- What is needed -
Nothing but the exact lines from the one containing "this 1600×901 image." through the last line of the records below belongs in your answer.

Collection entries

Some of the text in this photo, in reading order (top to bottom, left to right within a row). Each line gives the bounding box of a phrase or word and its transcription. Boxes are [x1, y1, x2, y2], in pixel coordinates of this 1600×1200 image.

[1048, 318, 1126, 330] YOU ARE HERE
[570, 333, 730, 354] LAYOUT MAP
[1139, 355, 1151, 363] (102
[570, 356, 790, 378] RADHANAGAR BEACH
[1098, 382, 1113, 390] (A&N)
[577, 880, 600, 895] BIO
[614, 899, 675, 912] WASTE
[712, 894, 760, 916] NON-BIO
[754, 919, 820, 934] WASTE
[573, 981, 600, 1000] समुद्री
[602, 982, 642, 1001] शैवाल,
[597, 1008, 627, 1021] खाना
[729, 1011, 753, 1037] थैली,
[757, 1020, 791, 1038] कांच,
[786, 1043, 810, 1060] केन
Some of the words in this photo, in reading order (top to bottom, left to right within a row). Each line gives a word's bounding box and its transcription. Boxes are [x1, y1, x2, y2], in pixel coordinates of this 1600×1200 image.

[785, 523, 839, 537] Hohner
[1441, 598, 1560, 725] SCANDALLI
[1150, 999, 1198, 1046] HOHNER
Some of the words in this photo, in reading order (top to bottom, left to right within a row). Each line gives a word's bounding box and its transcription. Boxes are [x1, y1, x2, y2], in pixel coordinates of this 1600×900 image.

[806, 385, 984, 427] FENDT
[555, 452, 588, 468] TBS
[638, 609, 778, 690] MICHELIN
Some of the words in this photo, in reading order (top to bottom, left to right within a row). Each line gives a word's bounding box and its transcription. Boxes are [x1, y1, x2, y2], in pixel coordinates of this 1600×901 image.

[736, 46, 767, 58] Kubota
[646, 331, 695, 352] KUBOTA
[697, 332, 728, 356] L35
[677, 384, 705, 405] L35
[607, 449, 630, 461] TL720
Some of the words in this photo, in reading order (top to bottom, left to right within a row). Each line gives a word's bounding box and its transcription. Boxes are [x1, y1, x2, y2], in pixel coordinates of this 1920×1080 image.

- Written reply -
Some of the words in this photo, in reading order (top to bottom, left to right within a row). Each line gives a word's bounding box and its transcription. Boxes are [x1, y1, x2, y2], in pixel coordinates of this 1600×901 image.

[736, 46, 767, 58] Kubota
[646, 331, 695, 352] KUBOTA
[697, 332, 728, 356] L35
[677, 384, 705, 405] L35
[607, 449, 630, 461] TL720
Some of the words in this photo, in reading order (top to bottom, left to right within a row). Each line gives a word's bounding box and its transcription. Boxes are [x1, y1, x2, y2], in pixel coordinates of this 1920×1080 image.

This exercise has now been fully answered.